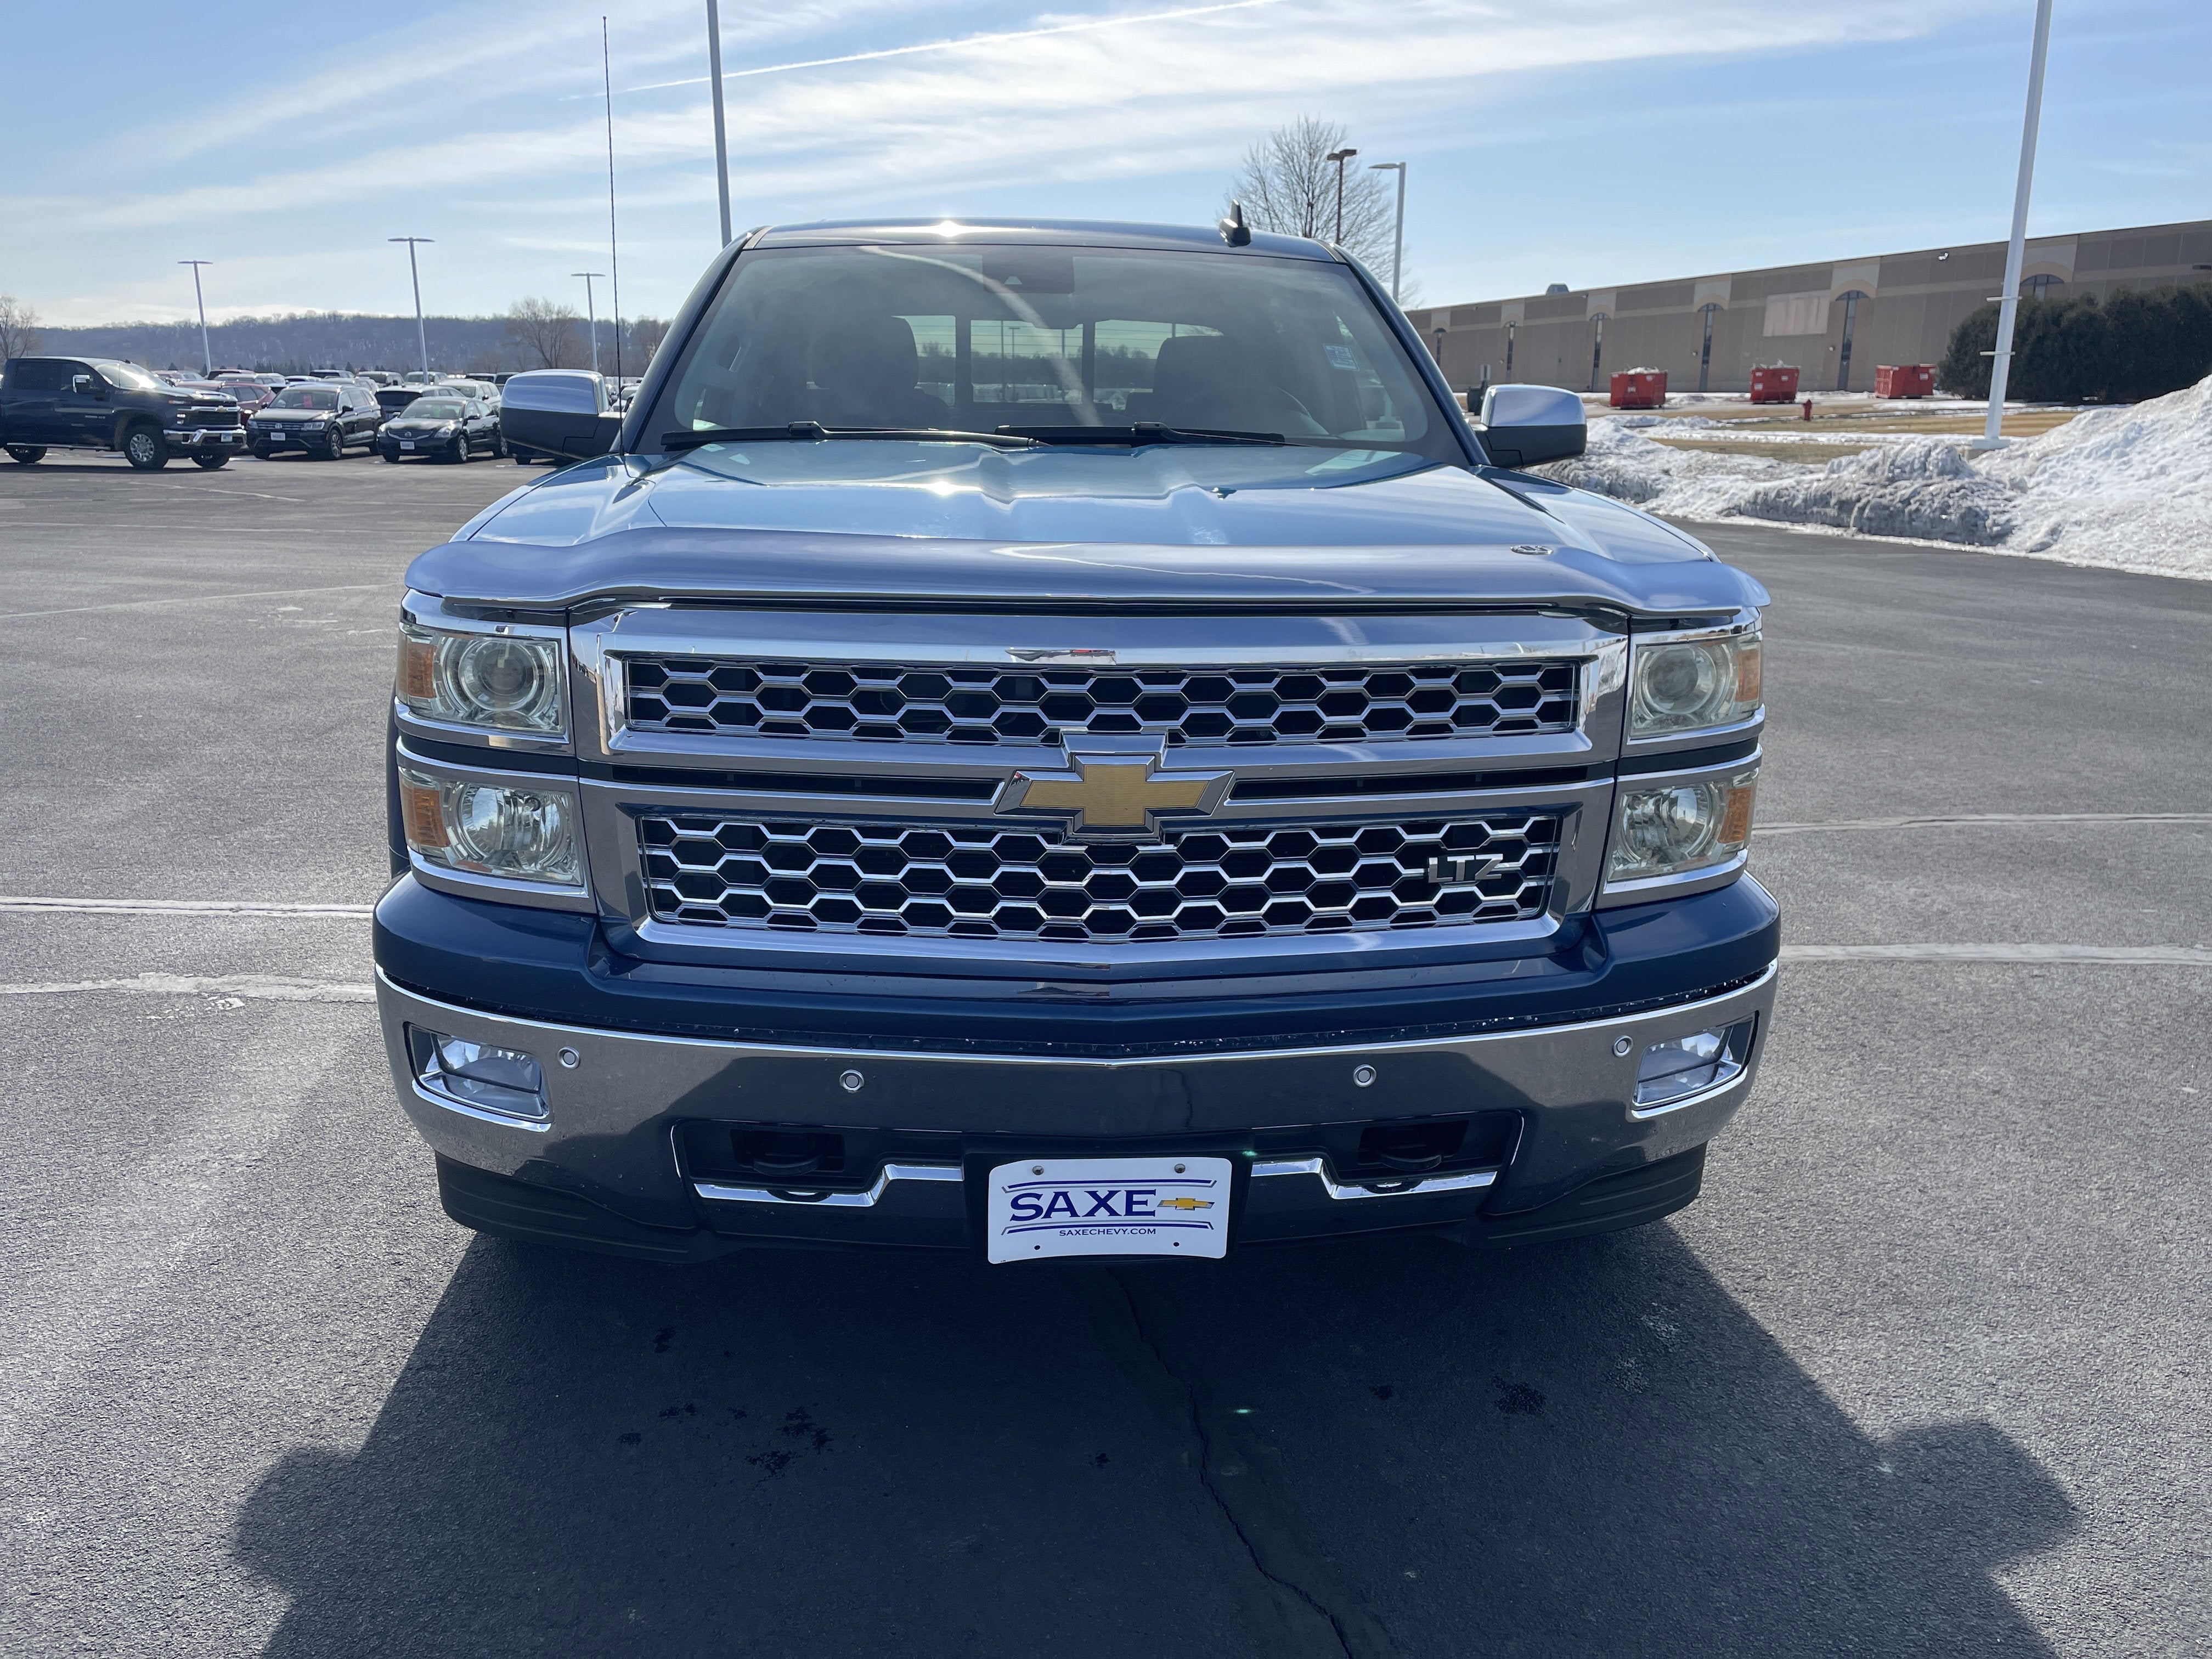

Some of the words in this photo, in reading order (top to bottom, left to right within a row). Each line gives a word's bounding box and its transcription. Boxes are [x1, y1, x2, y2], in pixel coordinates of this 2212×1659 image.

[1428, 853, 1503, 884] LTZ
[1009, 1189, 1156, 1222] SAXE
[1059, 1228, 1156, 1237] SAXECHEVY.COM
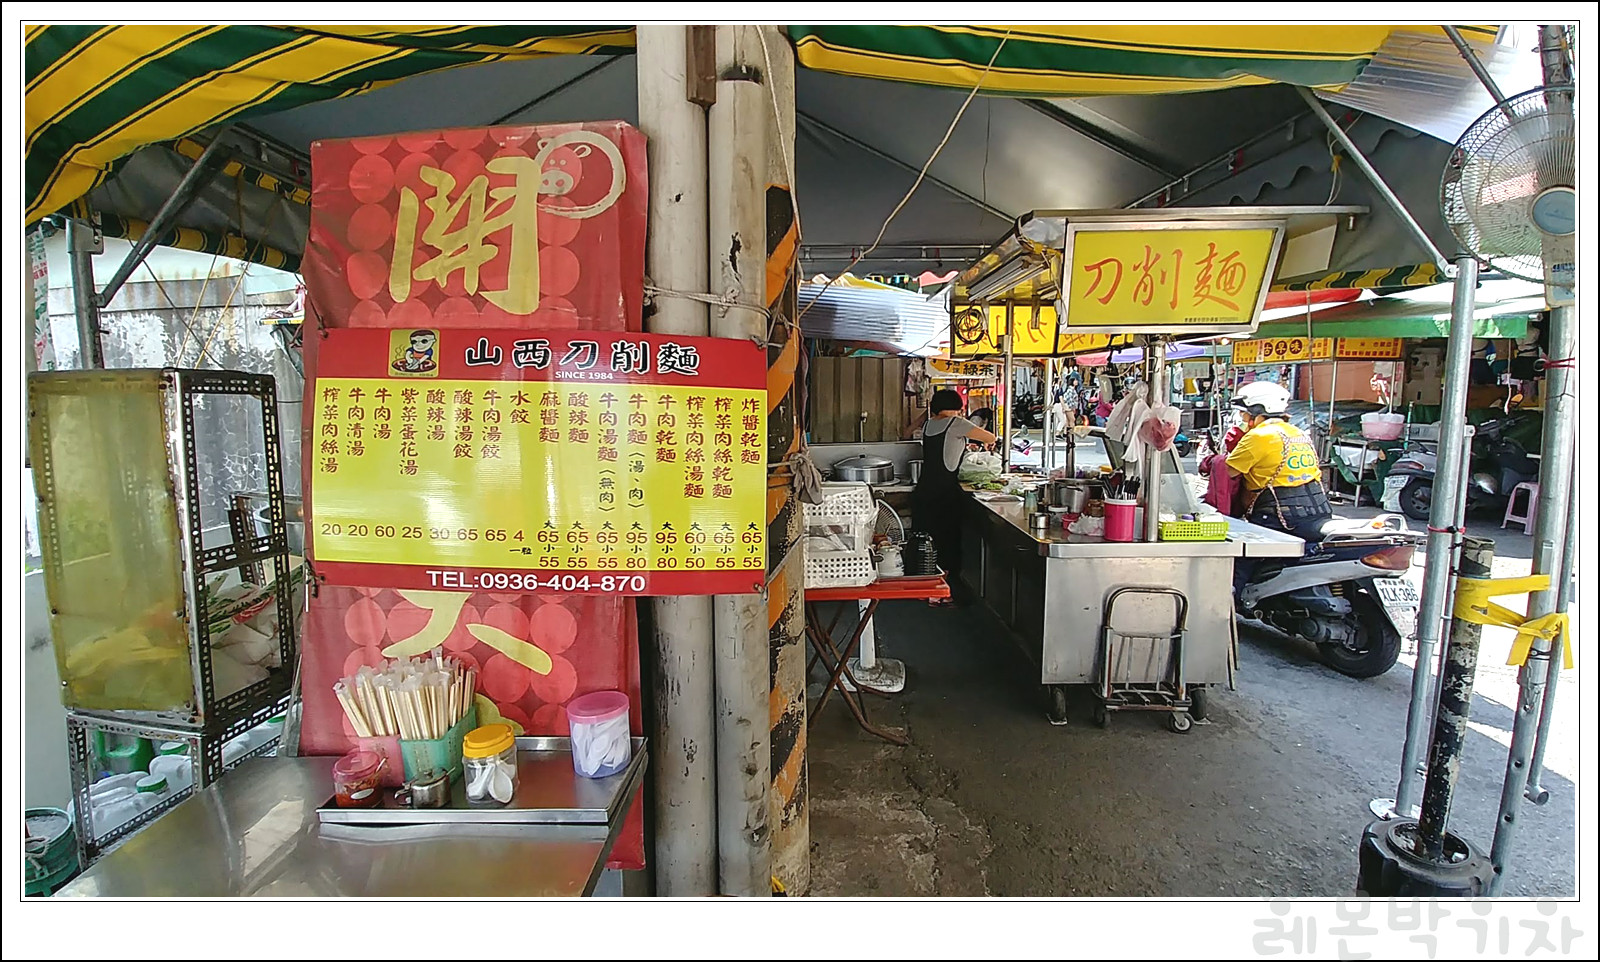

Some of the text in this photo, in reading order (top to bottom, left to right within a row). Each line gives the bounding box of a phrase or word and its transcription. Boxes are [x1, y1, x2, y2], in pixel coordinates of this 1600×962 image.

[1083, 242, 1247, 312] 刀削麵
[465, 337, 700, 376] 山西刀削麵
[555, 371, 613, 380] SINCE 1984
[320, 388, 341, 473] 榨菜肉絲湯
[346, 388, 366, 457] 牛肉清湯
[372, 388, 392, 440] 牛肉湯
[398, 388, 419, 475] 紫菜蛋花湯
[426, 388, 446, 441] 酸辣湯
[453, 388, 474, 459] 酸辣湯餃
[480, 390, 502, 459] 牛肉湯餃
[509, 390, 532, 424] 水餃
[539, 390, 561, 443] 麻醬麵
[568, 392, 589, 444] 酸辣麵
[656, 394, 677, 464] 牛肉乾麵
[740, 398, 762, 464] 炸醬乾麵
[684, 396, 706, 498] 榨菜肉絲湯麵
[712, 397, 734, 498] 榨菜肉絲乾麵
[321, 524, 762, 544] 20 20 60 25 30 65 65 4 65 65 65 95 95 60 65 65
[543, 520, 556, 530] 大
[573, 521, 584, 530] 大
[602, 521, 614, 530] 大
[631, 522, 643, 530] 大
[662, 522, 674, 531] 大
[690, 522, 702, 531] 大
[748, 522, 759, 531] 大
[543, 544, 758, 554] 小 小 小 小 小 小 小 小
[426, 570, 646, 592] TEL:0936-404-870
[539, 556, 762, 568] 55 55 55 80 80 50 55 55
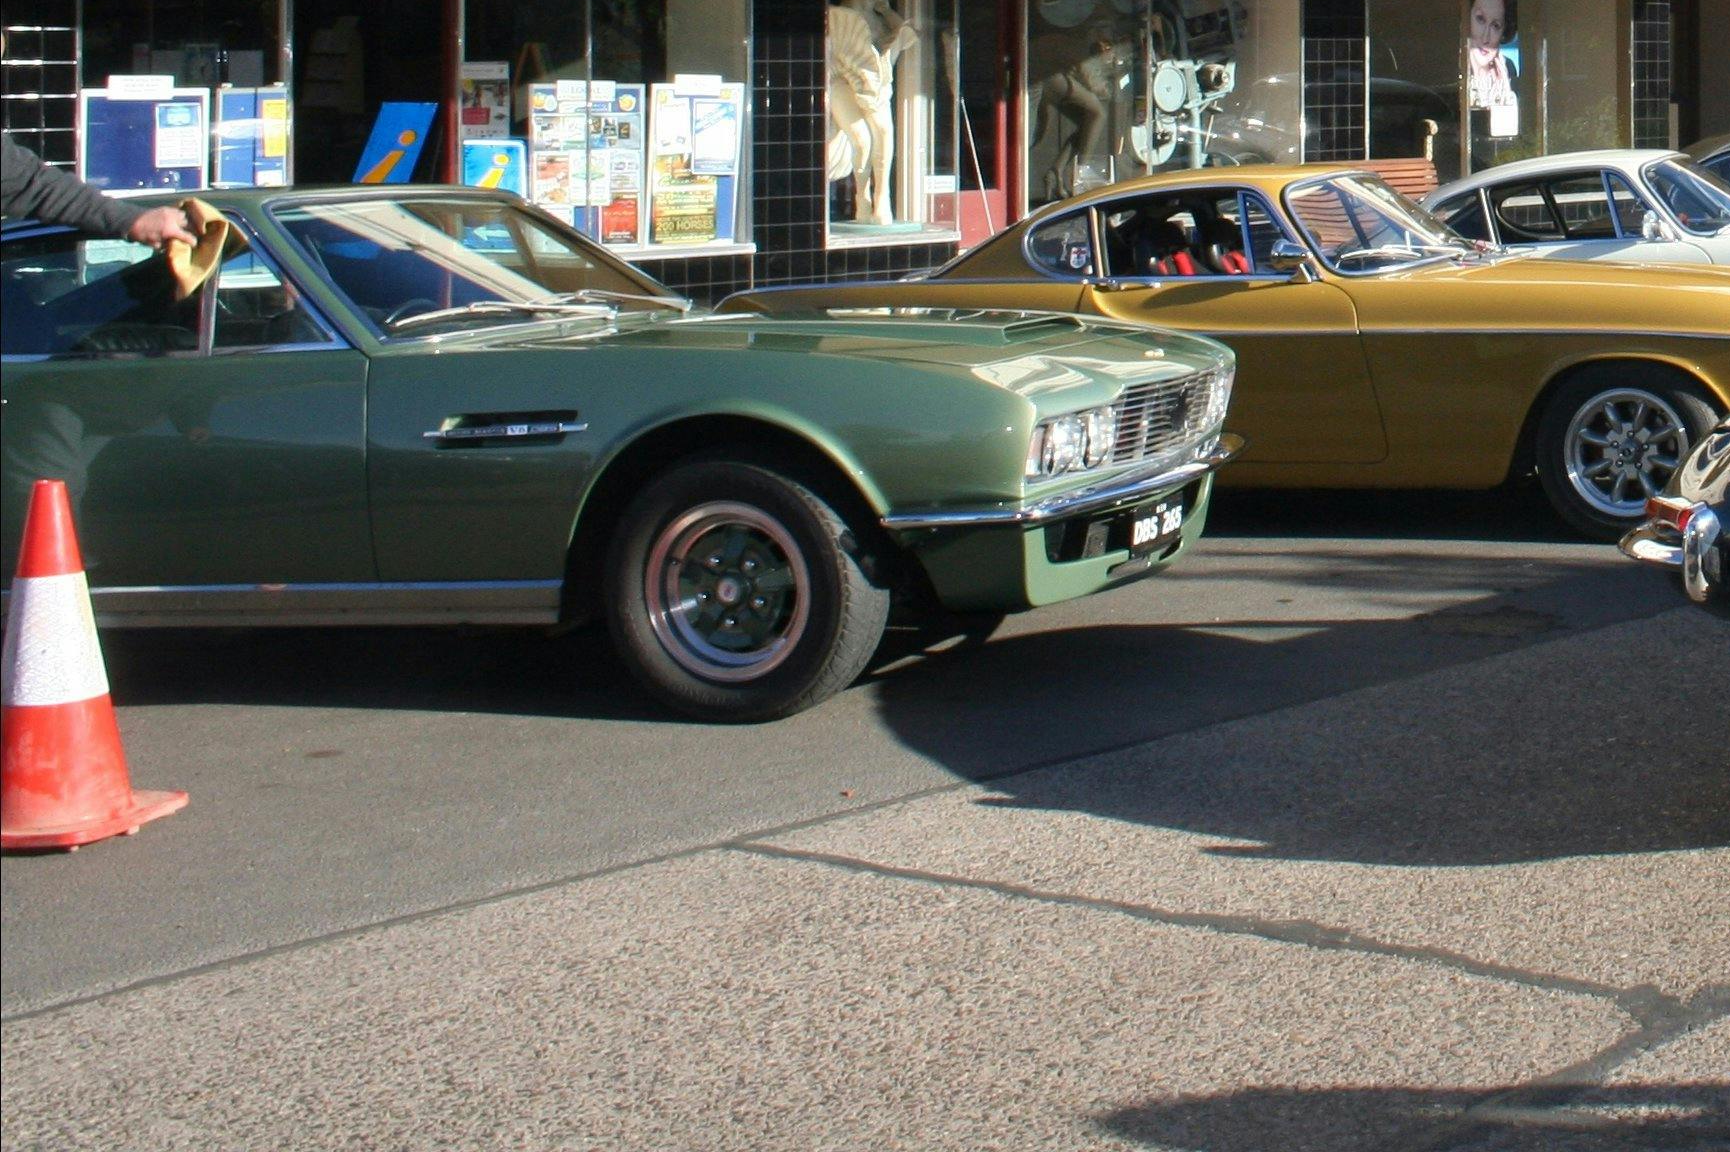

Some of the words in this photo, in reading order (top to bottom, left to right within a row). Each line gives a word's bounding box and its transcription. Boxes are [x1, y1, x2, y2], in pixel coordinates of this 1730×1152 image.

[676, 219, 715, 230] HORSES
[1133, 515, 1159, 546] DBS
[1162, 505, 1183, 535] 265

⁂

■ **Instructions for the task**
Skip the images and restate each record above word for word.

■ **Worked solution**
Some of the words in this photo, in reading order (top to bottom, left to right within a row). Each line gives a word's bounding box and its transcription. Boxes are [x1, y1, x2, y2], in pixel coordinates of this 2212×1659 image.

[1428, 853, 1503, 884] LTZ
[1009, 1189, 1156, 1222] SAXE
[1059, 1228, 1156, 1237] SAXECHEVY.COM

Some of the text in this photo, in reading order (top to bottom, left to right within a row). Each line gives the bounding box of a phrase or word and its transcription. Boxes are [x1, y1, x2, y2], in pixel coordinates of this 1600×962 image.

[1083, 242, 1247, 312] 刀削麵
[465, 337, 700, 376] 山西刀削麵
[555, 371, 613, 380] SINCE 1984
[320, 388, 341, 473] 榨菜肉絲湯
[346, 388, 366, 457] 牛肉清湯
[372, 388, 392, 440] 牛肉湯
[398, 388, 419, 475] 紫菜蛋花湯
[426, 388, 446, 441] 酸辣湯
[453, 388, 474, 459] 酸辣湯餃
[480, 390, 502, 459] 牛肉湯餃
[509, 390, 532, 424] 水餃
[539, 390, 561, 443] 麻醬麵
[568, 392, 589, 444] 酸辣麵
[656, 394, 677, 464] 牛肉乾麵
[740, 398, 762, 464] 炸醬乾麵
[684, 396, 706, 498] 榨菜肉絲湯麵
[712, 397, 734, 498] 榨菜肉絲乾麵
[321, 524, 762, 544] 20 20 60 25 30 65 65 4 65 65 65 95 95 60 65 65
[543, 520, 556, 530] 大
[573, 521, 584, 530] 大
[602, 521, 614, 530] 大
[631, 522, 643, 530] 大
[662, 522, 674, 531] 大
[690, 522, 702, 531] 大
[748, 522, 759, 531] 大
[543, 544, 758, 554] 小 小 小 小 小 小 小 小
[426, 570, 646, 592] TEL:0936-404-870
[539, 556, 762, 568] 55 55 55 80 80 50 55 55

Some of the words in this photo, in reading order (top to bottom, left to right within a row). Each line gives a word's bounding box and its transcription. Boxes are [x1, y1, x2, y2], in pixel coordinates of this 1730×1152 image.

[676, 219, 715, 230] HORSES
[1133, 515, 1159, 546] DBS
[1162, 505, 1183, 535] 265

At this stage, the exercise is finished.